TASK REQUIREMENTS — Give the data again exactly as written, without any of its pictures.
★ ★ ★ ★ ★
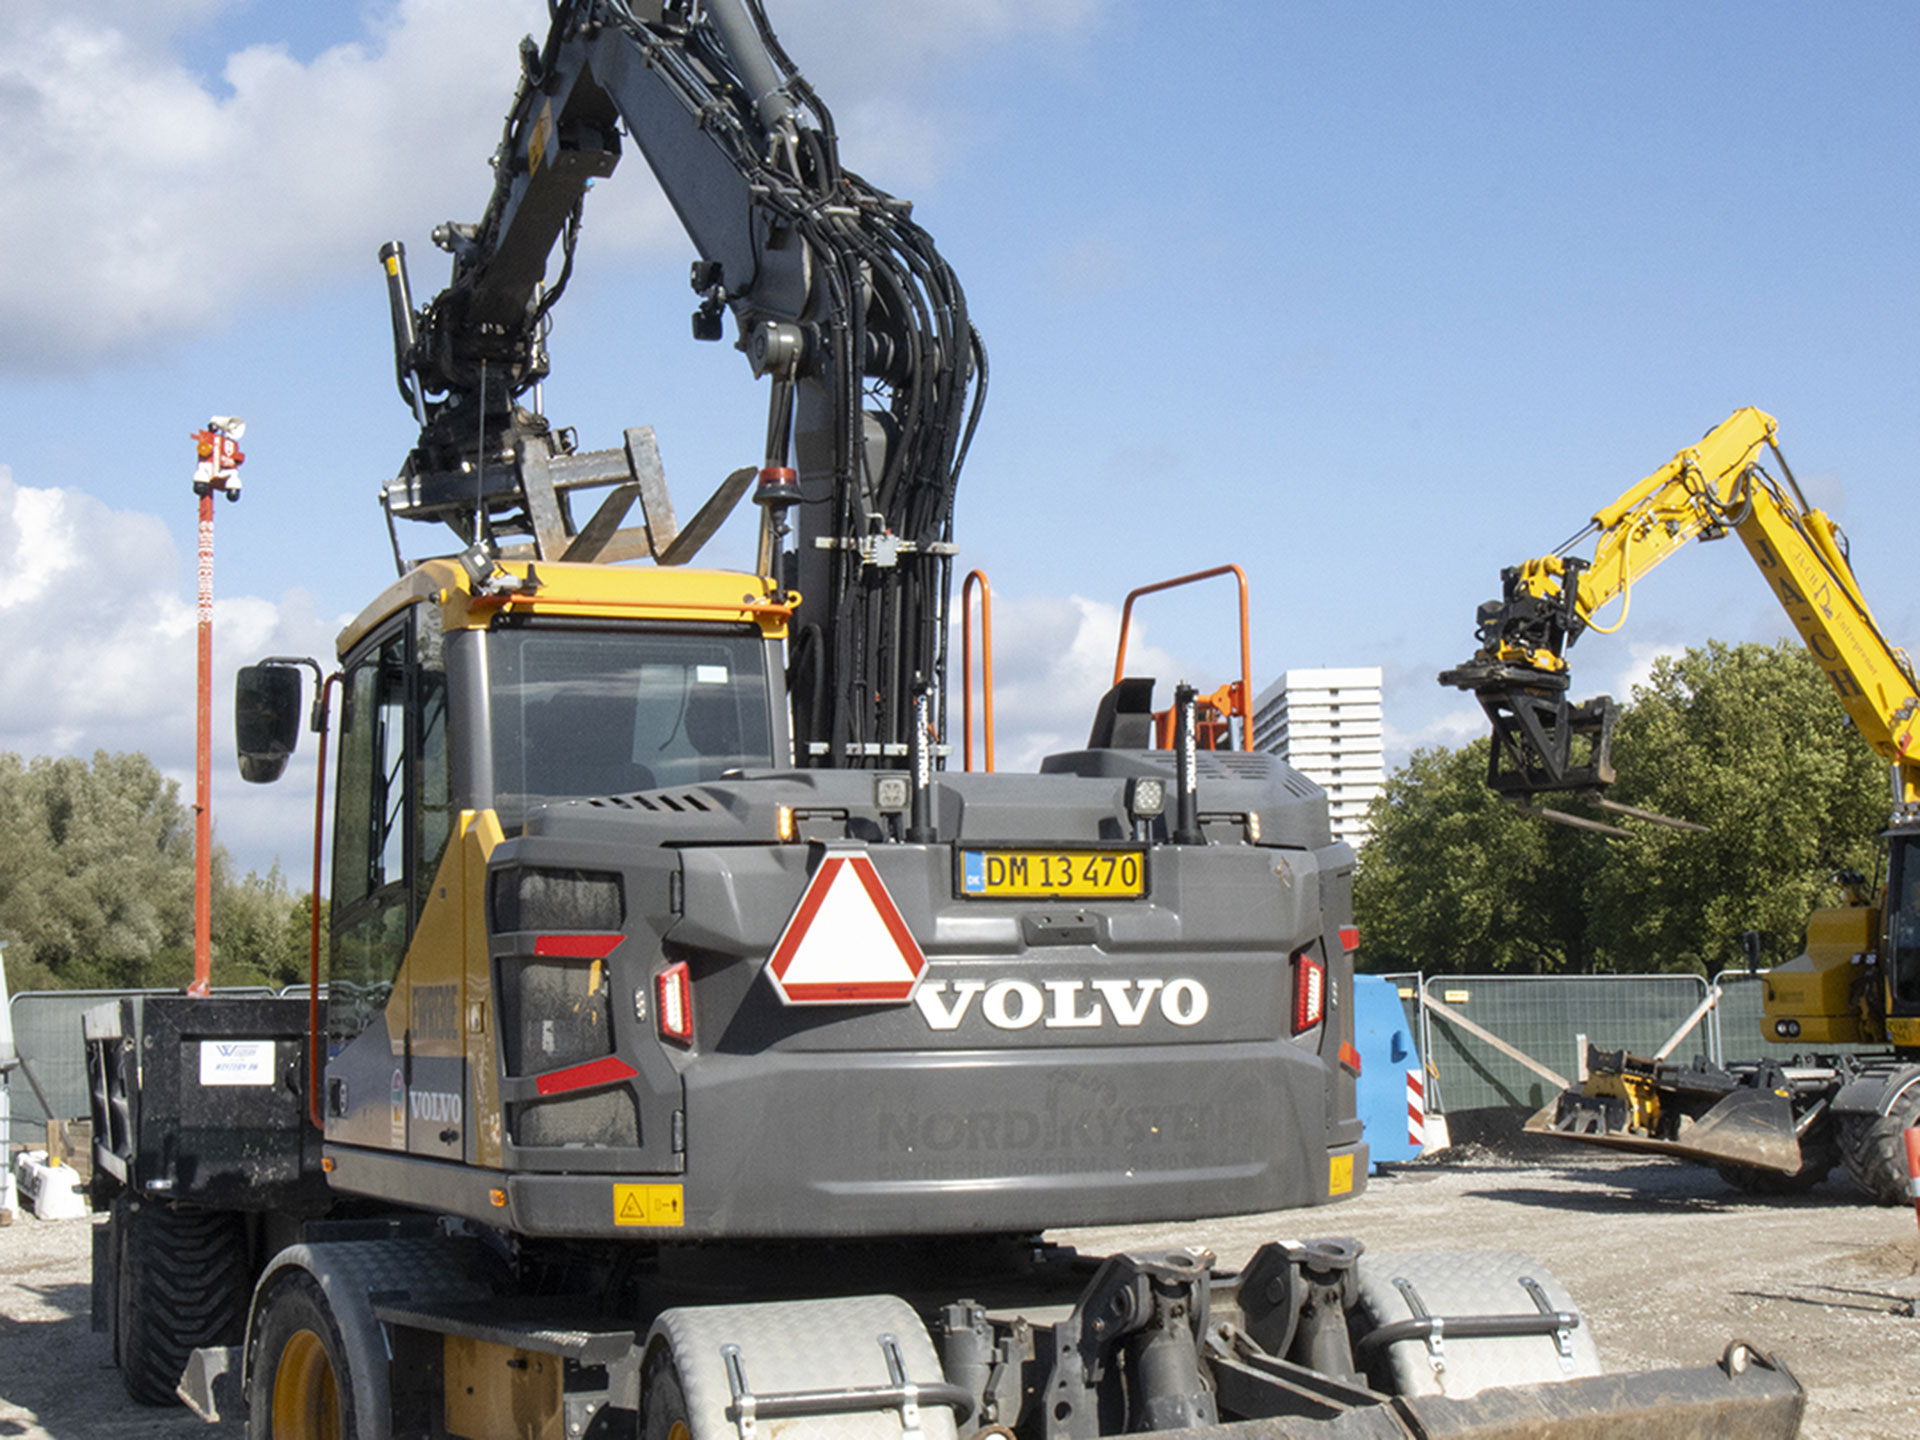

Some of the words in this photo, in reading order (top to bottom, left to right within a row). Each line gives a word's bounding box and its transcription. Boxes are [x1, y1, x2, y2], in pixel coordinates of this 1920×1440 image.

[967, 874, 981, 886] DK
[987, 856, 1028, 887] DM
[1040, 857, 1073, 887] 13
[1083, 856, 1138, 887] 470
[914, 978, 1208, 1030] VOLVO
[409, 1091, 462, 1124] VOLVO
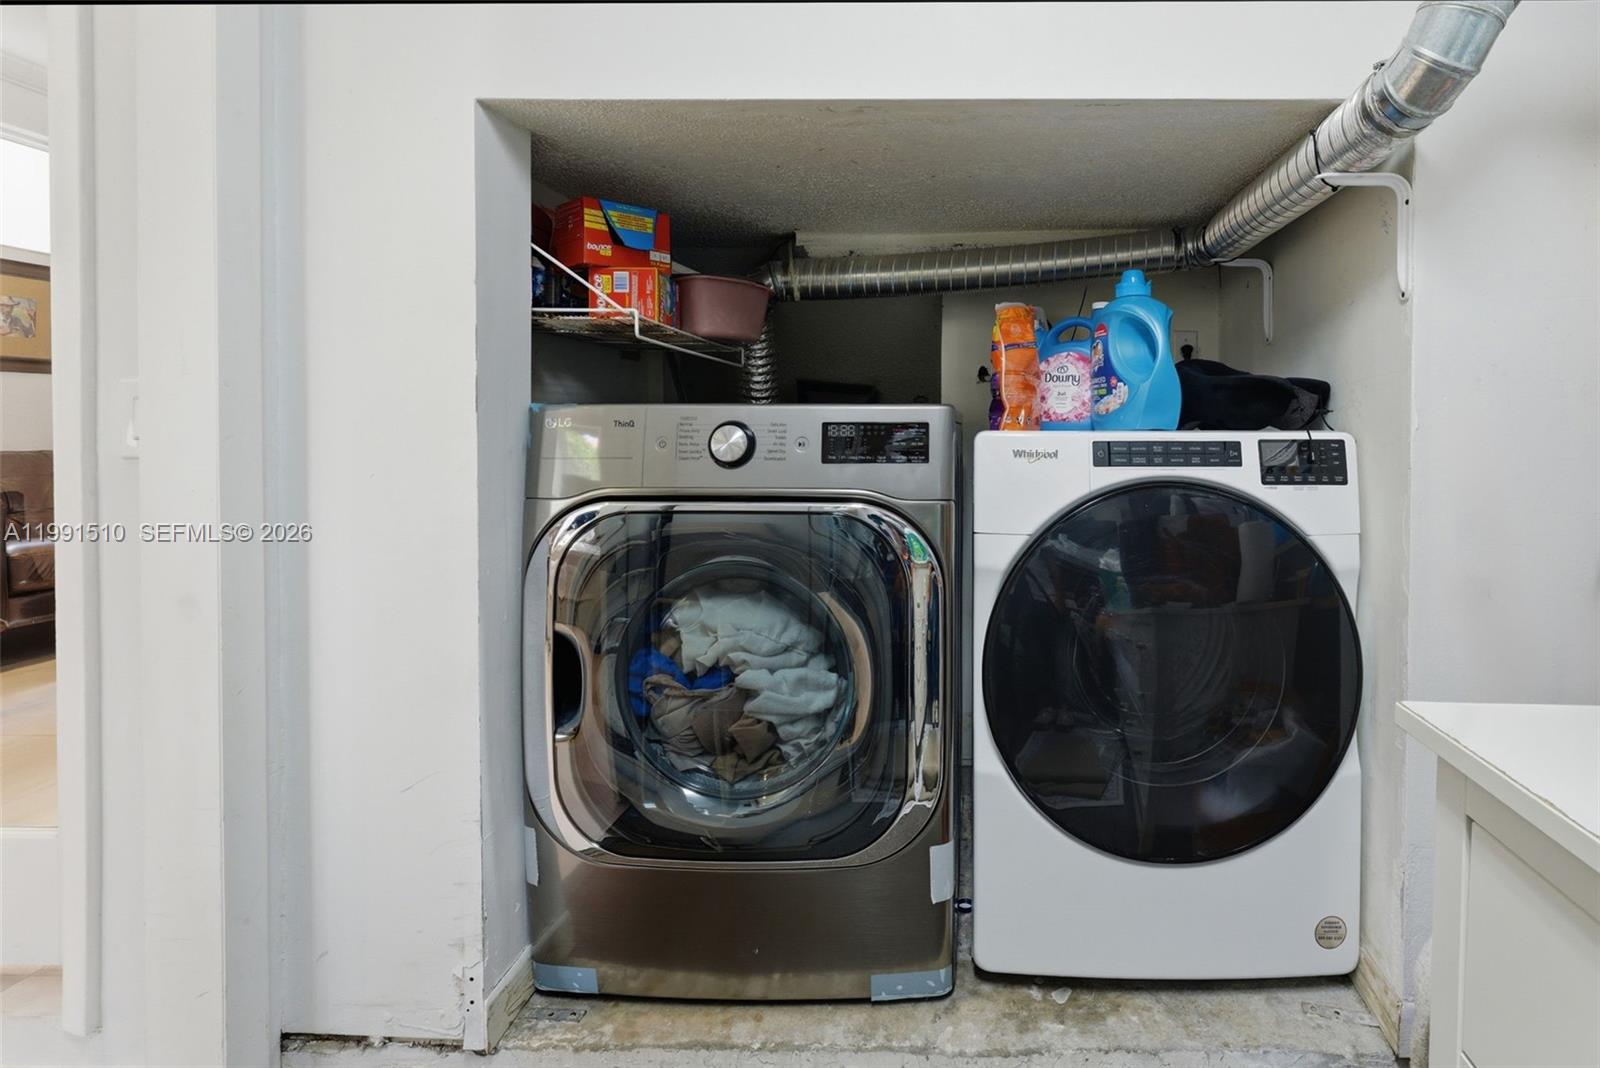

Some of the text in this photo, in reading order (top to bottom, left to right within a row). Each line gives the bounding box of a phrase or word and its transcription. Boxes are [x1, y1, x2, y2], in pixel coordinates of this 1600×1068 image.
★ ★ ★ ★ ★
RESPONSE BOX —
Some of the words in this photo, in reading order (top to bottom, left to right within a row). Each line gives a word's bounding box and its transcription. Boxes are [x1, y1, x2, y2], in pixel coordinates of this 1920×1440 image.

[967, 874, 981, 886] DK
[987, 856, 1028, 887] DM
[1040, 857, 1073, 887] 13
[1083, 856, 1138, 887] 470
[914, 978, 1208, 1030] VOLVO
[409, 1091, 462, 1124] VOLVO

Some of the text in this photo, in reading order (top to bottom, left to right within a row). Each line gives the bounding box of a phrase or word and its transcription. Boxes are [x1, y1, x2, y2], in pixel coordinates of this 1600×1068 image.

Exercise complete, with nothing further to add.